In the world of the White City, illuminated by Tesla and Westinghouse, a new world was possible. New breakfast foods and new vistas into the future were presented to an awed public. But World Fair visitors and hotel and shop employees met with painful and bloody ends inside the Murder Castle. H. H. Holmes had built a hotel that reaped profit while providing a killing zone for his personal serial killer appetites. The Murder Castle lived up to its name all too well.
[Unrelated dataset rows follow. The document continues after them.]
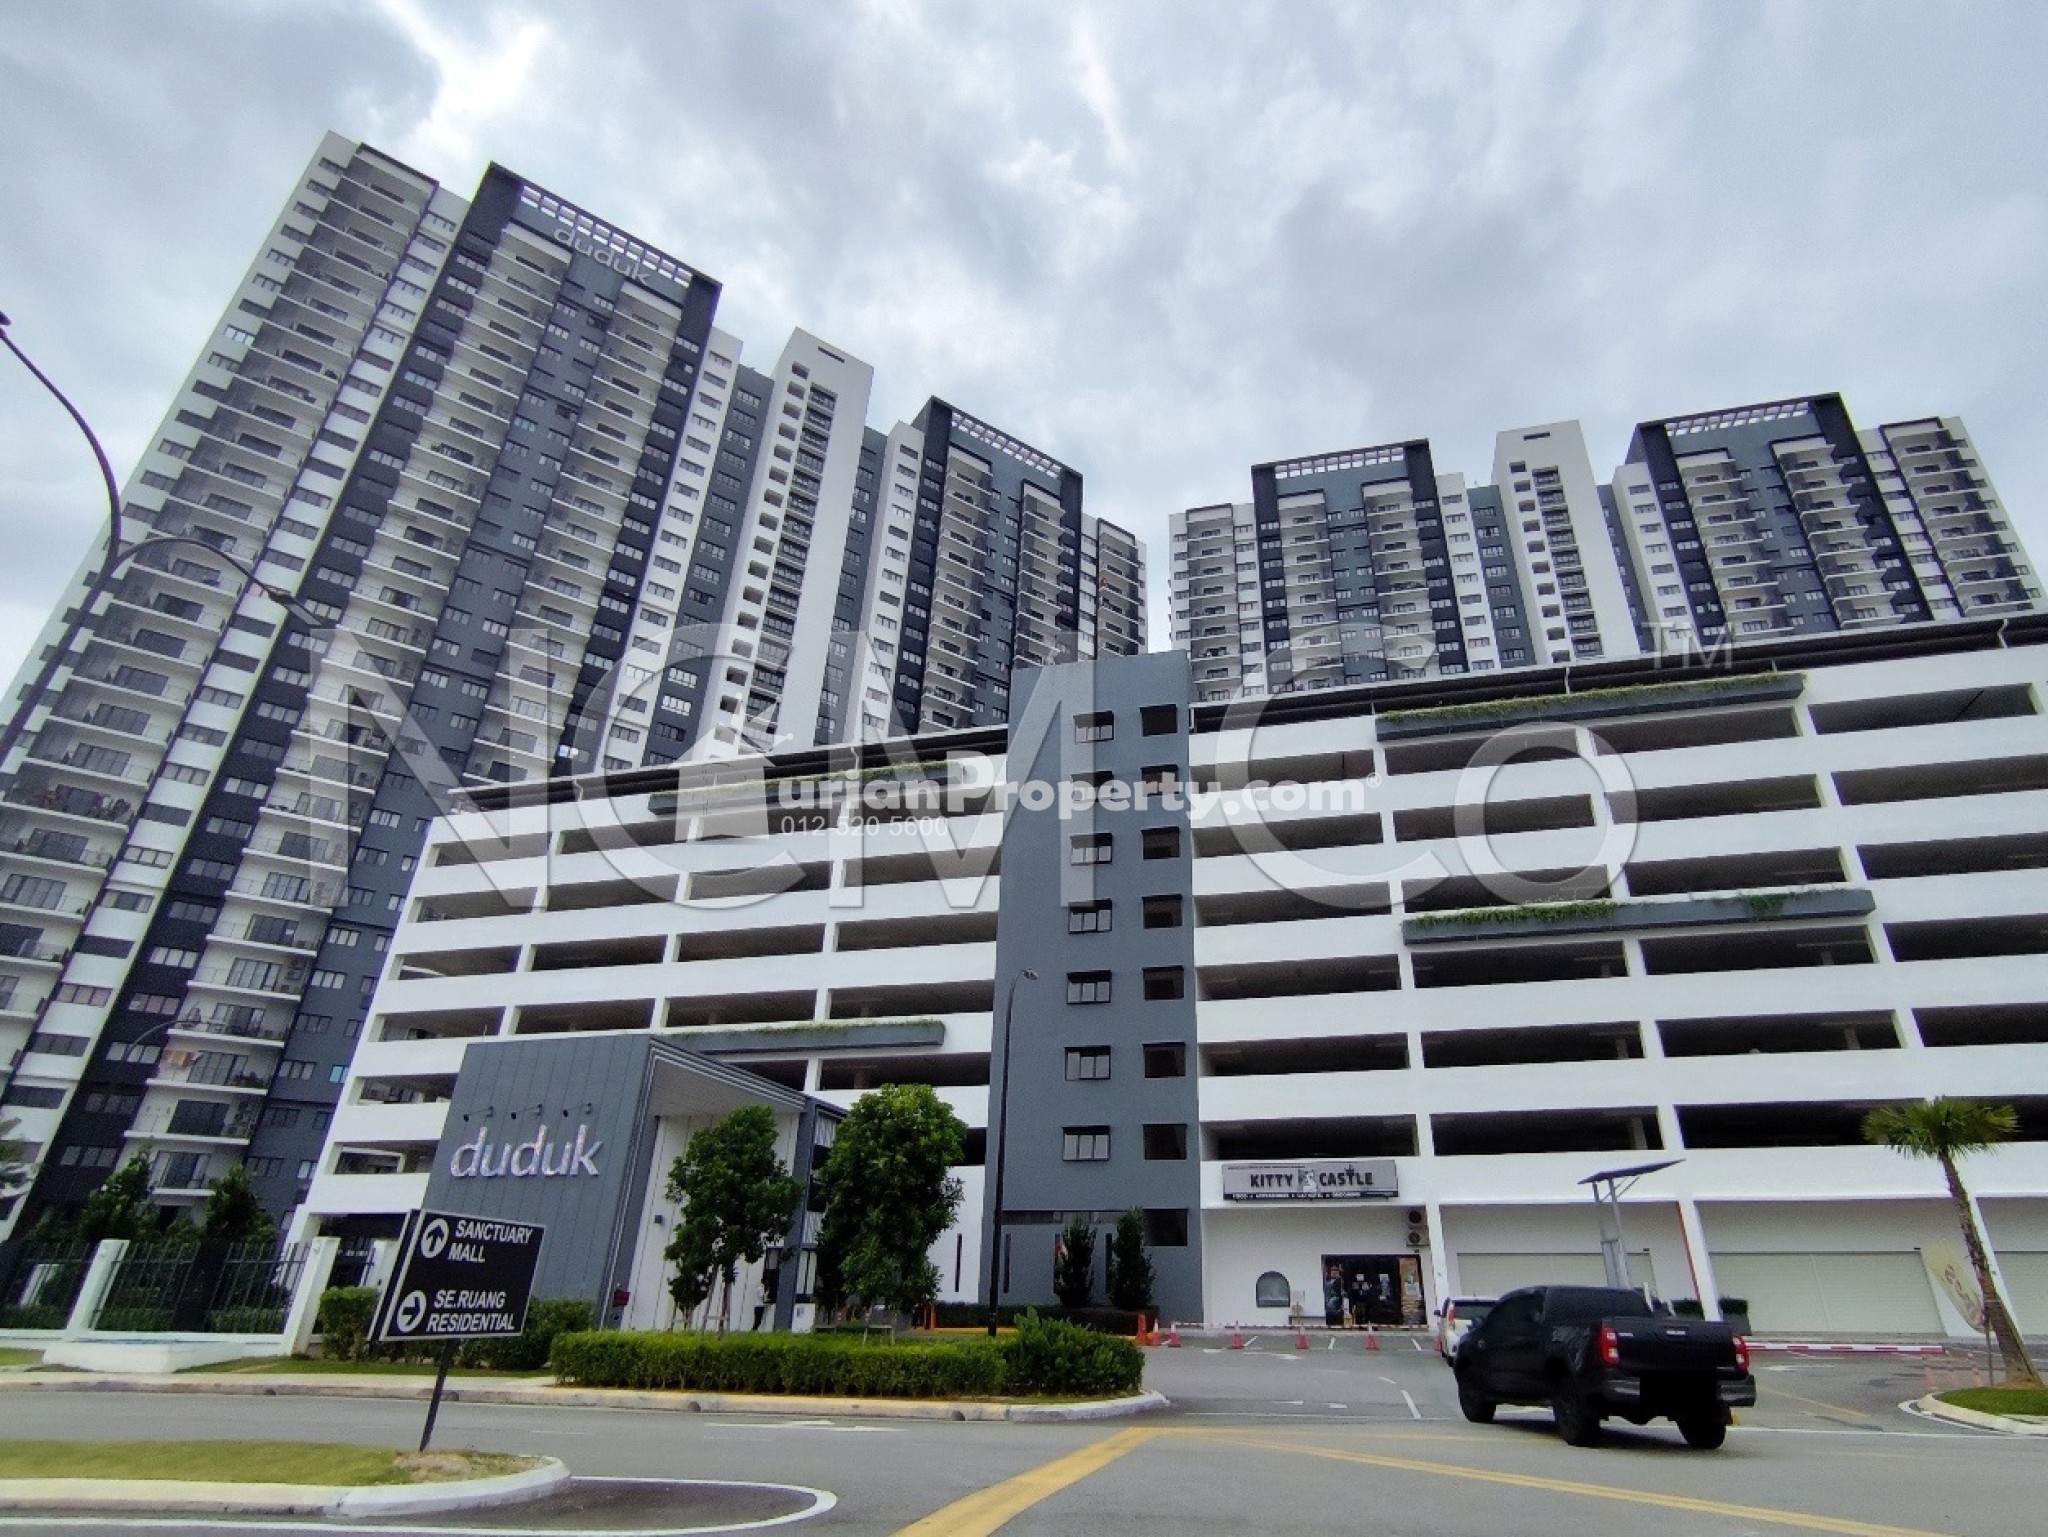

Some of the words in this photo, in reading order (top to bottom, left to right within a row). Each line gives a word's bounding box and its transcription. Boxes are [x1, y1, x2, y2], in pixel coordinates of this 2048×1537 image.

[554, 226, 650, 285] duduk
[450, 1124, 602, 1178] duduk
[1250, 1173, 1293, 1188] KITTY
[1319, 1170, 1374, 1187] CASTLE
[455, 1219, 533, 1244] SANCTUARY
[447, 1242, 486, 1263] MALL
[433, 1289, 507, 1309] SE.RUANG
[425, 1312, 516, 1333] RESIDENTIAL
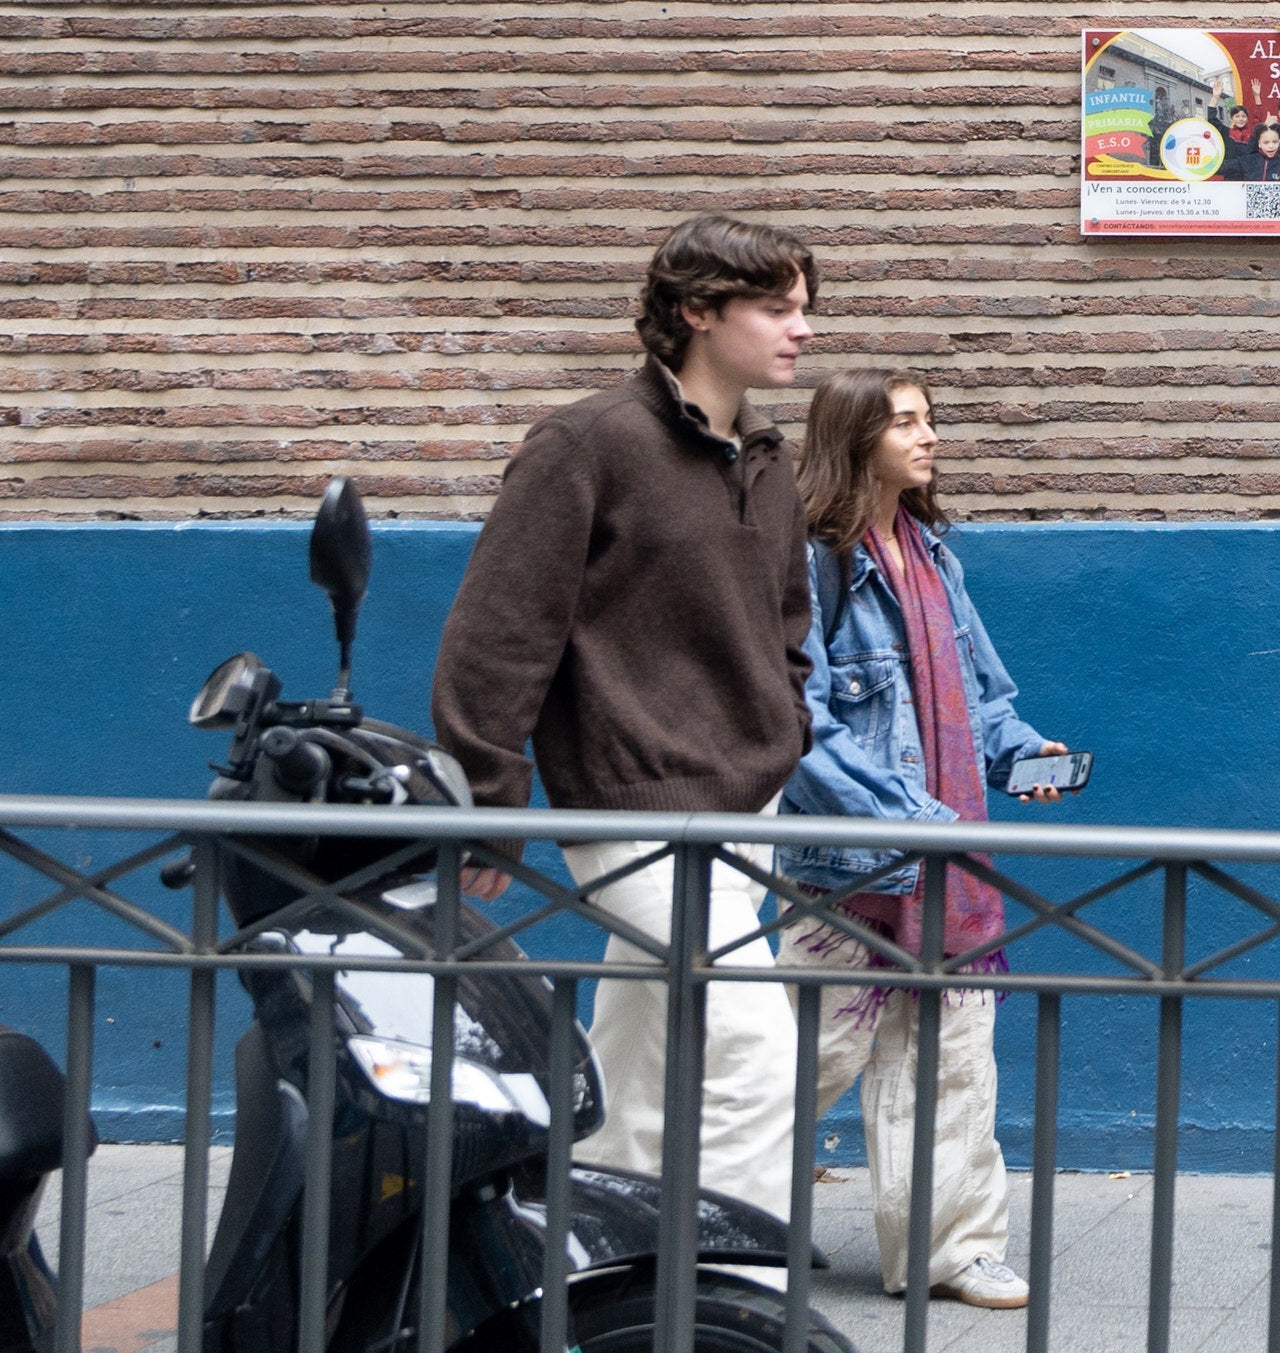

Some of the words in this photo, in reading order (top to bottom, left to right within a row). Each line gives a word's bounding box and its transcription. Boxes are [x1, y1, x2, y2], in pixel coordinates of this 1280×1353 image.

[1090, 93, 1147, 106] INFANTIL
[1088, 118, 1144, 129] PRIMARIA
[1097, 137, 1131, 149] E.S.O
[1087, 183, 1113, 196] ¡Ven
[1126, 184, 1191, 194] conocernos!
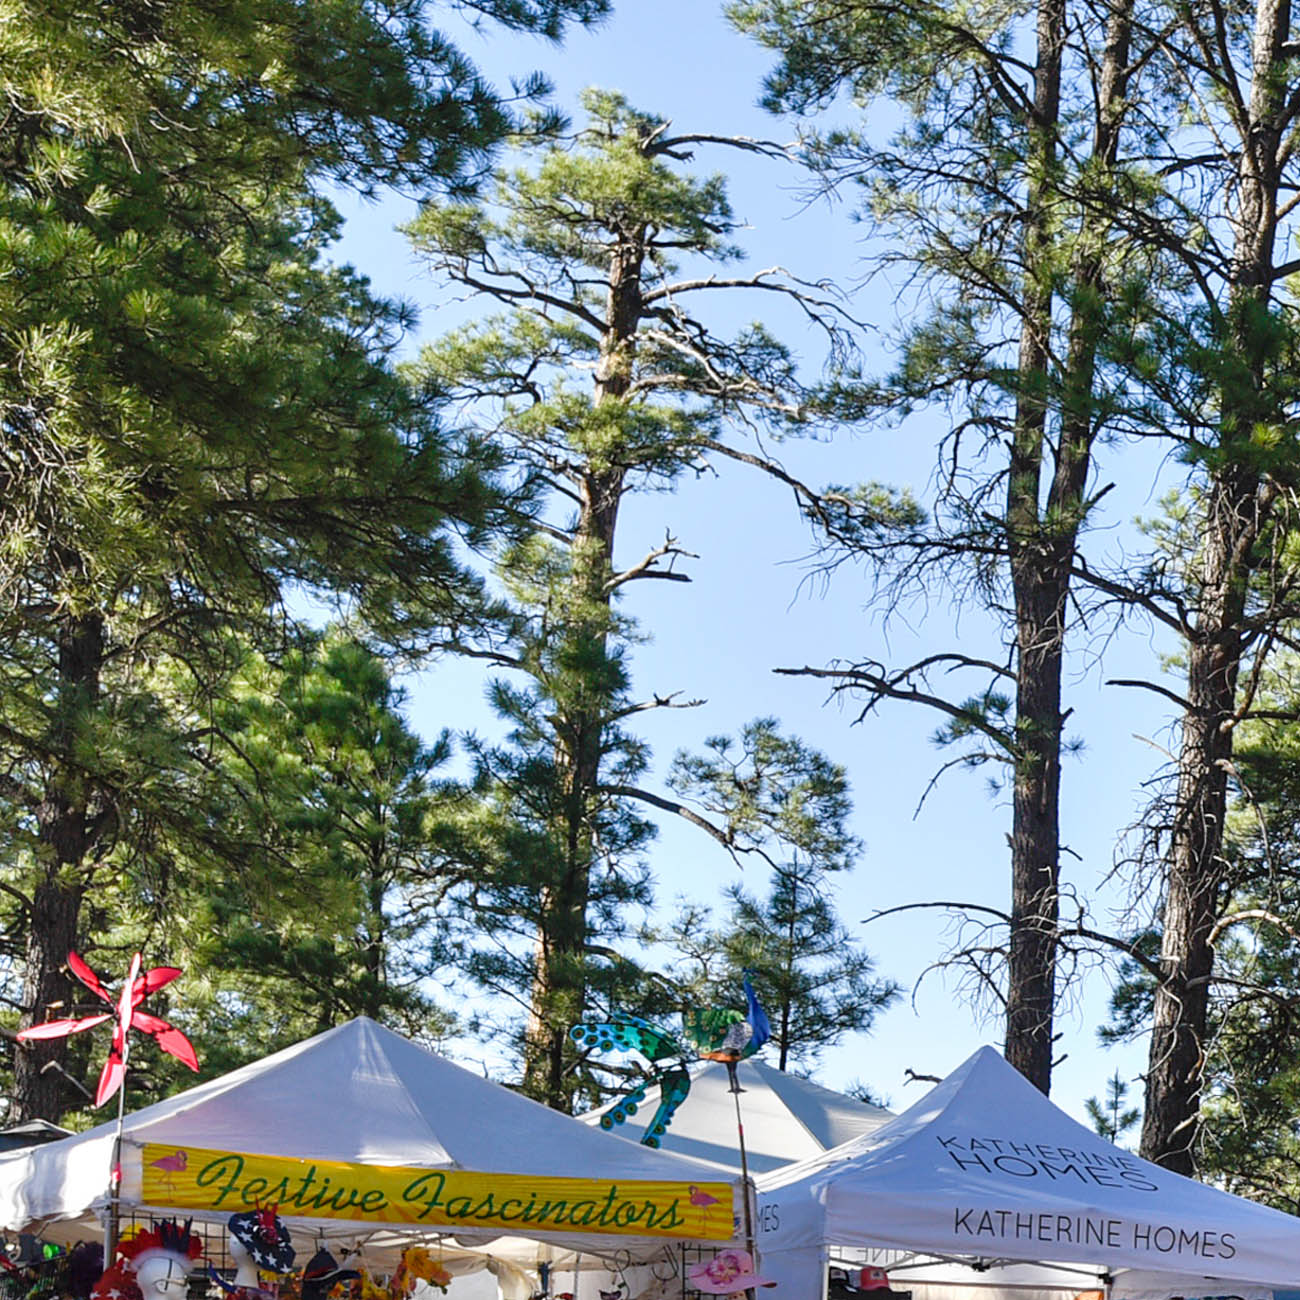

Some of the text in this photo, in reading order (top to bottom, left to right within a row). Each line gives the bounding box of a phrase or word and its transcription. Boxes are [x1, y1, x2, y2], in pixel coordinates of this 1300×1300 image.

[936, 1135, 1143, 1172] KATHERINE
[948, 1151, 1159, 1192] HOMES
[196, 1155, 686, 1230] Festive Fascinators
[954, 1207, 1237, 1260] KATHERINE HOMES
But before abandoning his Murder Hotel, Holmes wanted one last scam. Using his insurance fraud scheme, he joined Benjamin Pitezel and Marion Hedgepeth in a plan to collect on Pitezel’s “death”. After the lab explosion, Holmes’ supplied cadaver would organize the death benefit collection. A $10,000 death benefit was at stake. But Holmes performed actual murder on Pitezel, and Hedgepeth was stunned to find himself left out of his cut.
Even more bizarre was that Holmes had carried off Pitezel’s children and killed them. After getting caught and tried for murder, Holmes’ Murder castle was raided. The dissection chamber for human corpses where Holmes disassembled his prey for skeleton resales. An acid vat and a lime pit were also present. Hundreds of innocent victims perished for the deviant lusts of H. H. Holmes. And his multiple spouses miraculously suffered mysterious ends too.
The resulting sensation of the Murder Castle and the A. A. Holmes tragedy was detailed in the newspapers of William Randolph Hearst, whose readers were mesmerized. Film, and television culture have adapted themes and the story of the Murder Castle to suit viewers and readers agog over the story. Sadly, Chicago missed quite a few human beings in the making of this notoriously monstrous serial killer.
H.H. Holmes was convicted and executed for the murder of 27 people but may have murdered as many as 230 people over his lifetime.
Article by Roy Whyte . Visit his Google+ page for more.